Government Purchases & Transfers

  • Government Purchases

    • exhaustive

    • products purchased require the use of resources

    • products purchases are part of the domestic output

    • EX: purchase of a missile requires physicists and engineer labor, as well as raw materials & other inputs

  • Transfer Payments

    • nonexhaustive

    • do not require the use of resources

    • do not create output

    • EX: social security benefits, welfare payments, veterans’ benefits, unemployment compensation

Government Revenues

  • the funds used to pay for govt purchases and transfers come from three sources: taxes, proprietary income, and funds

    • borrowed by selling bonds to the public

Govt Borrowing & Deficit Spending

  • the ability to borrow allows a govt to spend more money than it collects in tax revenues & proprietary income

    • given time period

  • useful during economic downturn because a govt can use borrowed funds to maintain high-spending levels on G, S, & transfer payments (even if tax revenues & proprietary income are falling)

  • deficit spending: govt spending that is financed by borrowing

Federal Finance

  • focus on the picture… figure 16.3

Federal Expenditures

  • four areas of major federal spending

    • pensions & income security (35%)

      • includes Social Security ($683 billion), unemployment benefits, and aid for the disabled, retired, and families without a breadwinner

    • national defense (19%)

      • high costs for military readiness and defense programs

    • health programs (22%)

      • covers medicare (for retirees) and medicaid (for low-income individuals)

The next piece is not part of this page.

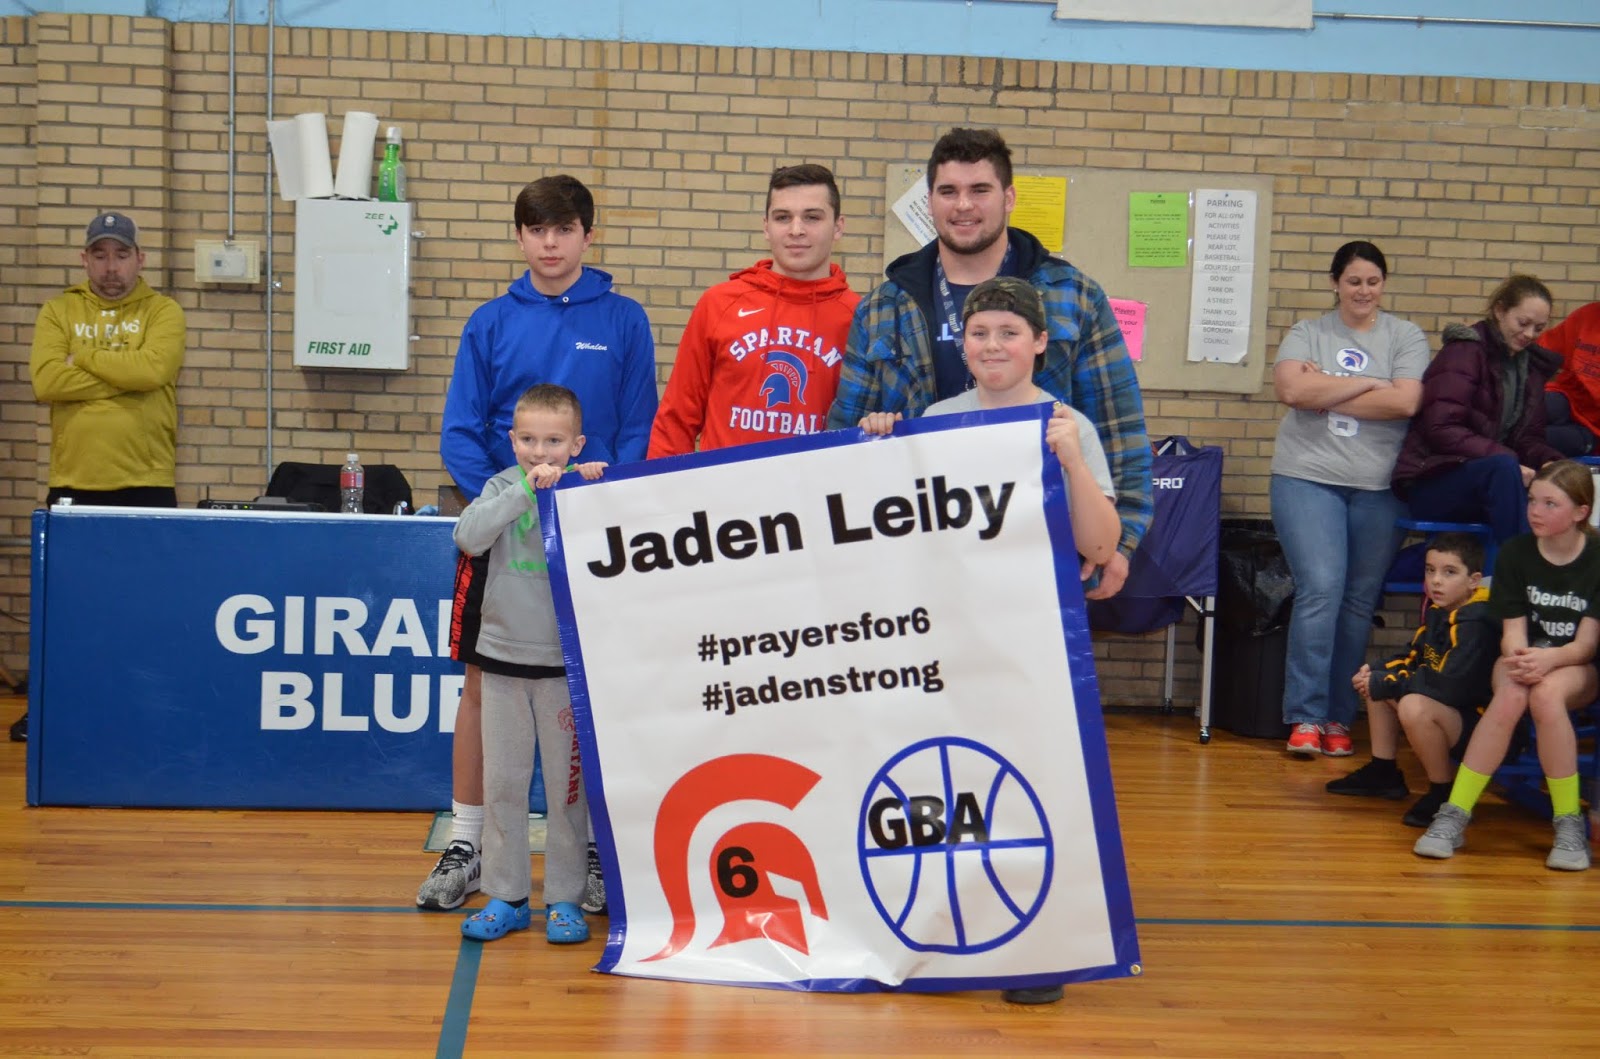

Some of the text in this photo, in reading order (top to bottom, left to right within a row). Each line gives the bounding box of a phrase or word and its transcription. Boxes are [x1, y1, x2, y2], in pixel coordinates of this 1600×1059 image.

    • interest on public debt (5%)

      • payments on borrowed money the government owes

Federal Tax Revenues

  • largest revenue sources: income tax, payroll taxes, the corporate income tax

Personal Income Tax

  • personal income tax: tax on the individuals earnings

  • federal personal income tax is a progressive tax

  • progressive tax: a tax system where higher-income people pay a higher percentage of their income

  • marginal tax rate: tax rate applied to the last dollar of income earned

  • average tax rate: total taxes paid/total income

Payroll Taxes

  • payroll taxes: taxes taken from workers’ paychecks to fund programs like Medicine, Social Security, Dental Insurance

  • employees and employers pay these taxes equally

Corporate Income Tax

  • corporate income tax: a tax on a company’s profit

  • difference between its total revenue and its total expenses

  • for almost all corporations, tax rate is 35%

Excise Taxes

  • sales & excise taxes: taxes on G/S

  • sales tax is general

    • calculated as a percentage of the price paid for a product

    • primary revenue source of most state govt

  • excise tax is on specific items like gasoline or alcohol

    • levied on a per-unit basis

      • EX: $2/per pack of cig

    • federal govt collects excise taxes of various rates

State & Local Finance

  • different mixes of revenues & expenditures than the federal govt has

State Finances

  • figure 16.4

  • Main Sources of State Tax Revenue

    • Sales & Excise Taxes (47%) – Largest source of revenue

    • Personal Income Taxes (35%) – Lower rates than federal income tax; 7 states don’t have one

    • Corporate Income Taxes & License Fees – Smaller revenue portion

    • State Lotteries (43 states) – Helps cover budget gaps

    • Federal Grants (22%) – Funds from the federal government

    • Miscellaneous Sources – Includes state-owned utilities and liquor stores

  • State Spending Priorities

    • Education (36%) – Largest spending category

    • Public Welfare (28%) – Includes assistance programs

    • Health & Hospitals (7%)

    • Highways (7%)

    • Public Safety (4%)

    • Other (18%) – Covers various expenses

  • State budgets vary, with different tax policies and spending priorities

Local Finances

  • figure 16.5

  • local levels of govt include counties, municipalities, townships, and school districts as well as cities and towns

  • property taxes: tax on land/buildings owned

    • local govts obtain ab 71% of their tax revenues from property taxes

  • Revenue Sources:

    • 71% from property taxes

    • 17% from sales/excise taxes

    • Additional funding from federal/state grants and utility income

  • Spending:

    • 44% on education

    • Other major areas: welfare/health (12%), public safety (11%), housing/parks/sewerage (11%), and highways (6%)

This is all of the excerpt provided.